One common mistake made by health care organizations is delaying the disparity intervention process until clinical performance measures can be stratified by REL, which can take months to years.7 Several steps should be concomitant with improving REL data collection—and, in fact, facilitate this process—such as creating a culture of equity and getting buy-in for reducing disparities across all levels of the organization.1 In addition, while organizations are developing the capability to accurately collect REL data, they can begin quality improvement interventions to reduce disparities. Organizations can ask their providers, staff, and patients to suggest areas that are the most important qualitatively to work on, pick low-hanging fruit, and work with enthusiastic early adopters. They can also train staff in cultural competency, disparities, and quality improvement.

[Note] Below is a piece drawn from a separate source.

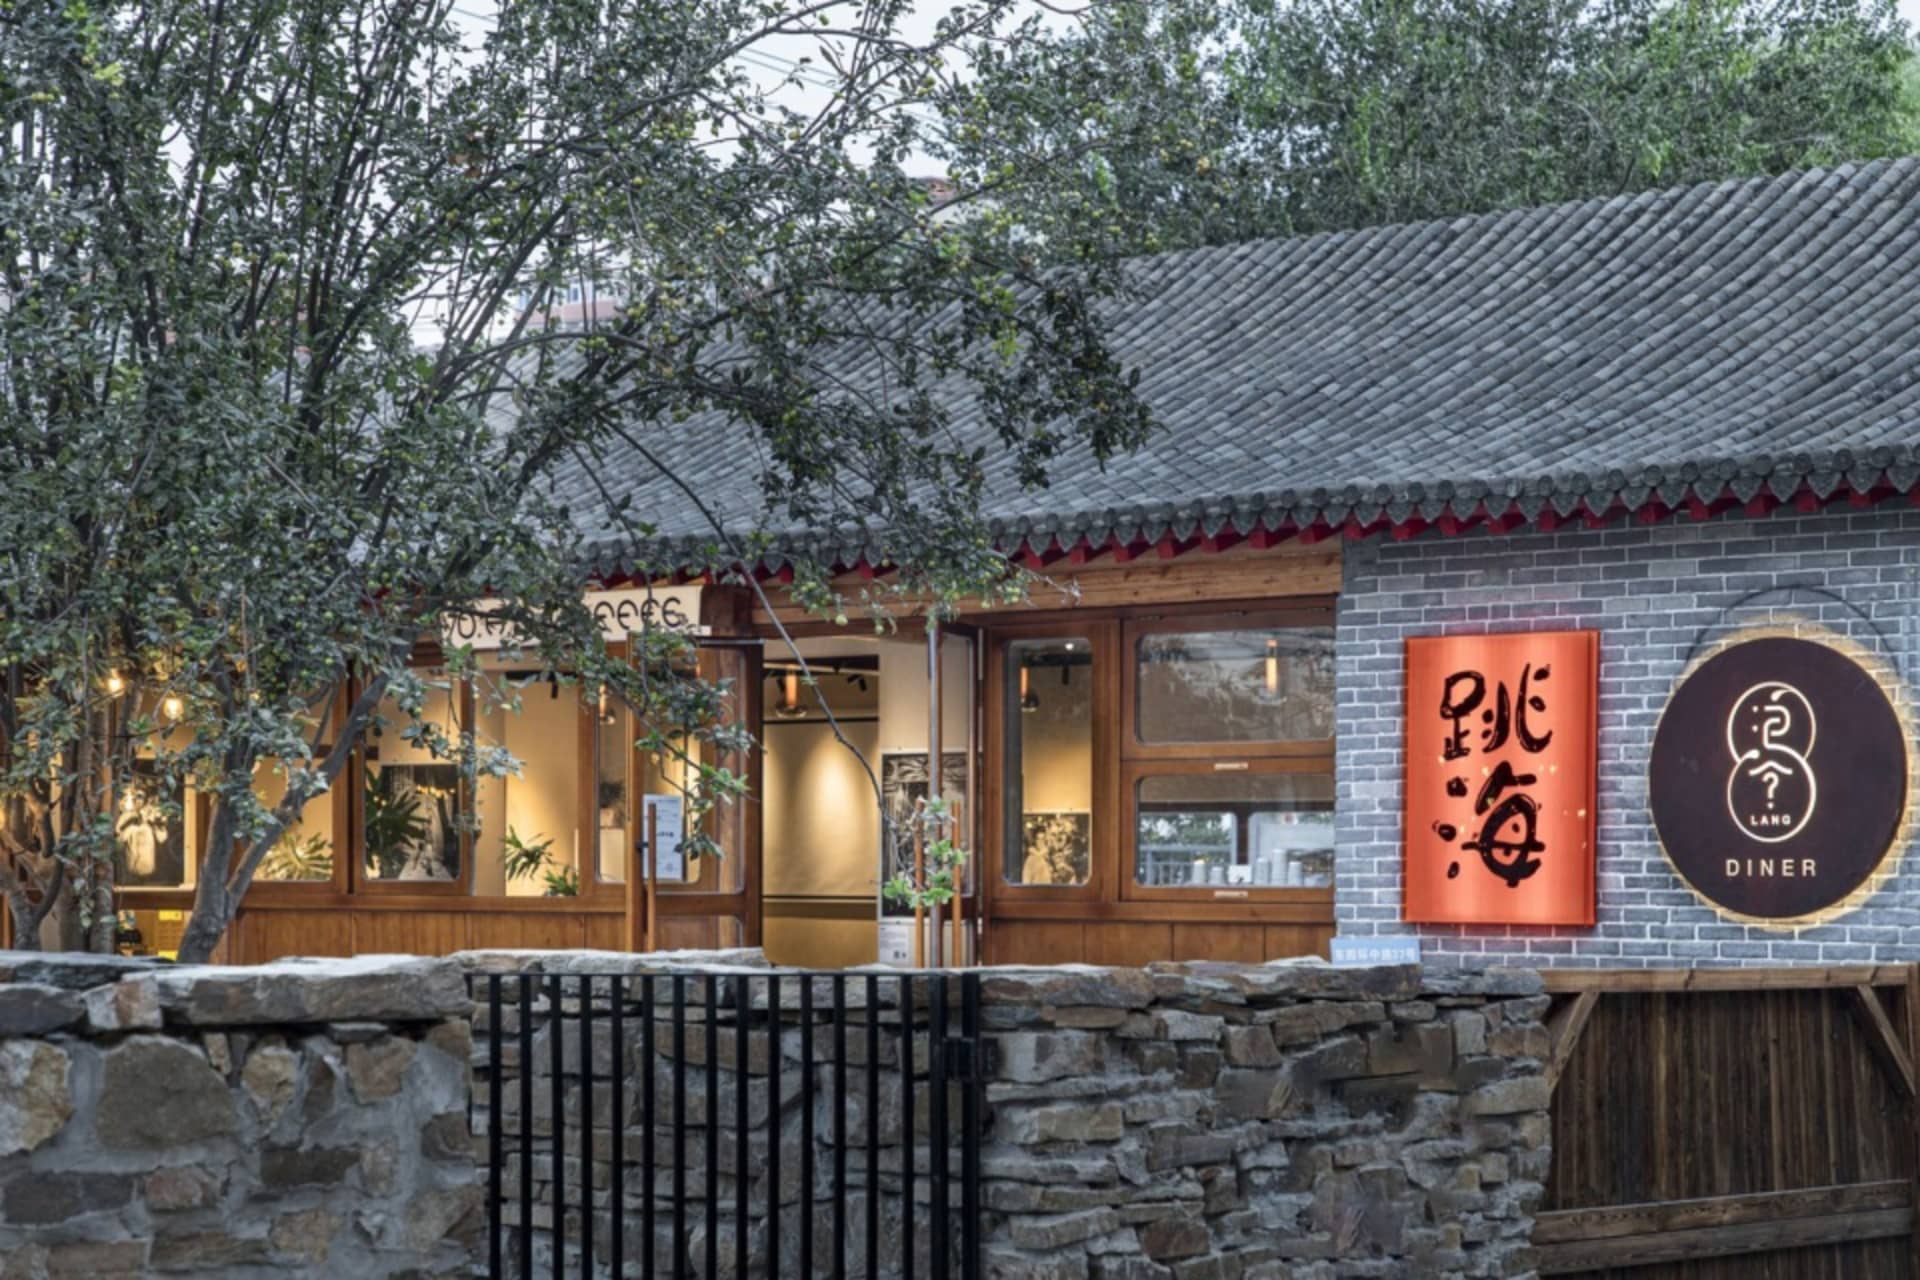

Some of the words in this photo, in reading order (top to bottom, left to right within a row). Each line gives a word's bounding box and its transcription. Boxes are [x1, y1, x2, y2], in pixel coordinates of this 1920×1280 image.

There are powerful arguments and incentives for the accurate collection of REL data. Reducing health care disparities is a moral and professional imperative, and stratified clinical performance data can motivate quality improvement. Moreover, various financial and non-financial incentives are either in existence now or on the horizon. REL data collection is already part of EHR meaningful use participation requirements for increasing reimbursement. The National Quality Forum has recommended that stratified performance measures be considered as part of routine public performance reporting by the Centers for Medicare & Medicaid Services.8 Stratified measures are also helpful in pay-for-performance (P4P) incentive programs to help organizations identify populations with the worst outcomes whose improvement would most powerfully increase aggregate population levels of performance. In addition, it is likely that P4P programs for reducing disparities will be implemented by payers over time. Stratified performance measures may also help non-profit hospitals demonstrate community benefit in order to maintain their non-profit tax status. Furthermore, the legality of REL data collection is firm.9 The regulations of Title VI of the 1964 Civil Rights Act prohibit discrimination based on race, and encourage preventive self-analysis to further this goal. Thus, evaluating and improving the quality of care by race and ethnicity help to demonstrate compliance with Title VI.

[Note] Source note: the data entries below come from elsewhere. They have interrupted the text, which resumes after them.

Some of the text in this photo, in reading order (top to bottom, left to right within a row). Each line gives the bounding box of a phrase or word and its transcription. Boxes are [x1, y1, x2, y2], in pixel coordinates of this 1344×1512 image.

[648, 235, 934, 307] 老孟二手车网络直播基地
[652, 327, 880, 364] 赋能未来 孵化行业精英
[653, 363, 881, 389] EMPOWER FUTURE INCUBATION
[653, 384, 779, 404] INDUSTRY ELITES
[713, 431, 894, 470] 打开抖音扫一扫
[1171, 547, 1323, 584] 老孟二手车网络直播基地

Incentives for population health management and efficient value-driven care are increasing with the proliferation of global payments, bundled payments, and accountable care organizations. In this environment, REL data collection could help organizations geo-map or “hot-spot” geographic areas with a high density of morbidity, and could facilitate addressing social determinants of health in conjunction with community-based organizations, public health organizations, and local governments. REL data can help identify areas for investment and resource allocation. For example, if cervical cancer screening rates were low in a community with many Vietnamese-speaking patients, REL data could help target patients needing language services and culturally tailored patient education materials and support.

In an era of Big Data, personalized medicine, and value-driven care, REL and other sociodemographic data could be useful for predictive analytics to identify high-risk patients who might benefit from more intensive care and monitoring.10 While precautions must be taken to prevent misuse of such techniques, it is likely that predictive analytics will be employed with more sophistication over time, as their use in other industries for marketing and social networking have far outpaced that in health care.

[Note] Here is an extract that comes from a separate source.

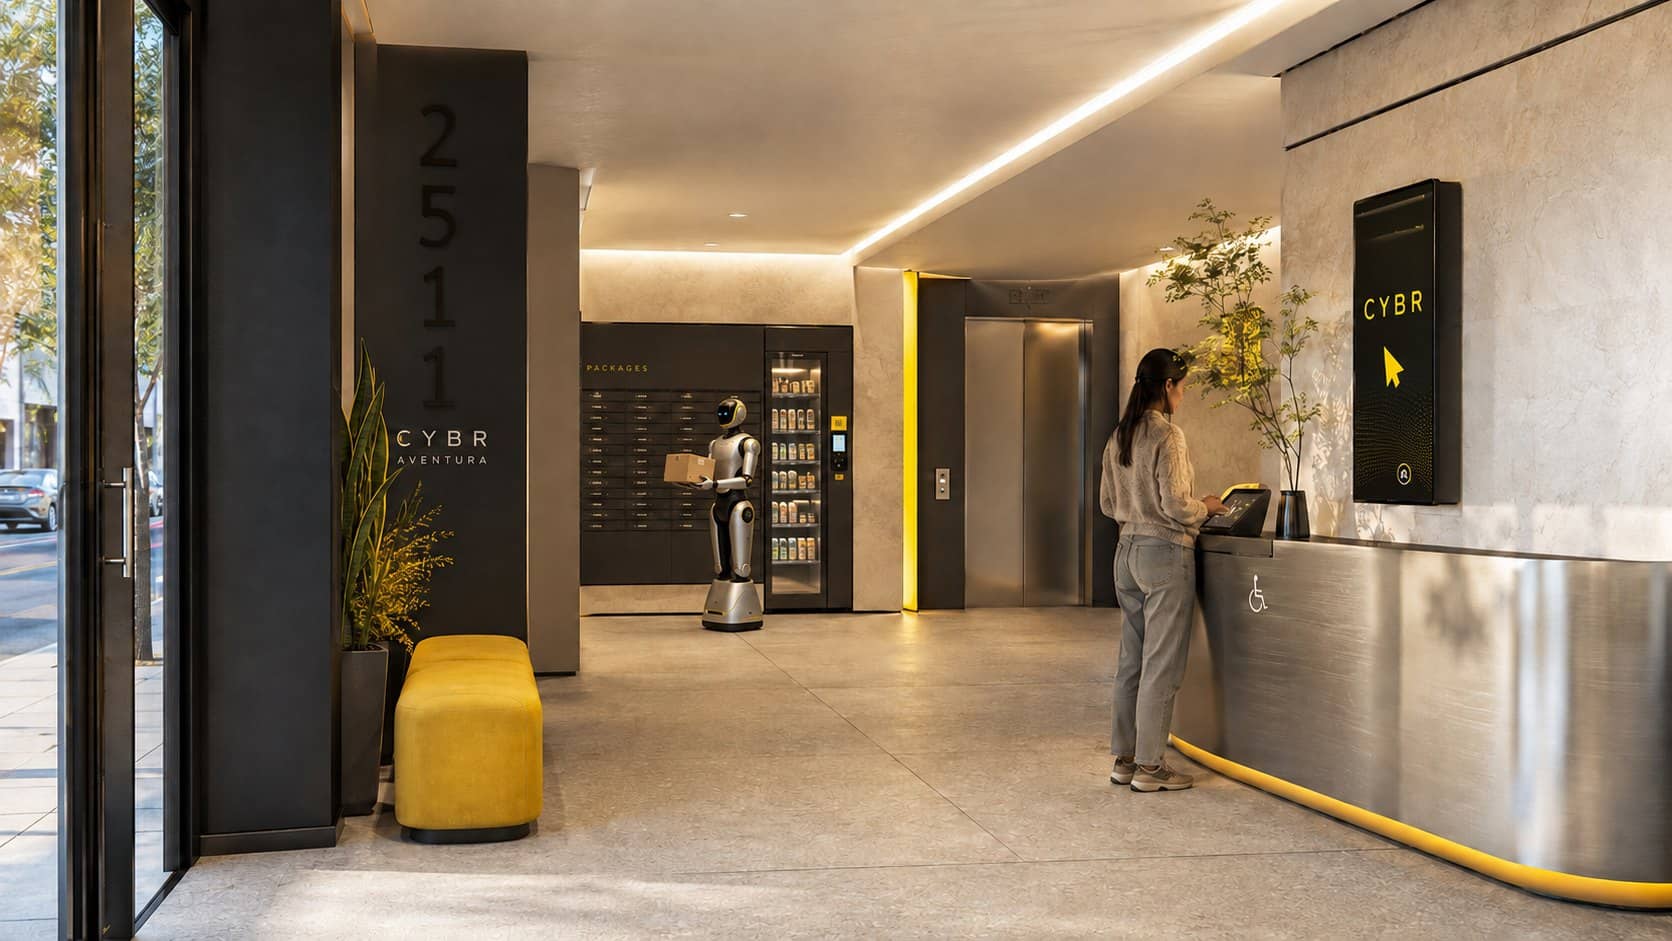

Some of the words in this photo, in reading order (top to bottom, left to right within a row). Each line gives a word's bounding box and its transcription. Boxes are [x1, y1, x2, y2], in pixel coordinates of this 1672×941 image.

We need to move REL data collection into the twenty-first century. We have to catch up in implementing proven methods for the accurate collection of REL data, and go beyond.4 We must view REL data collection as one step in a comprehensive roadmap for reducing disparities,1 and a building block for evolving analytical tools to improve health outcomes.10 Today’s opportunities for reducing health disparities are great. We must seize the moment, and tailor our solutions for different populations to achieve health equity.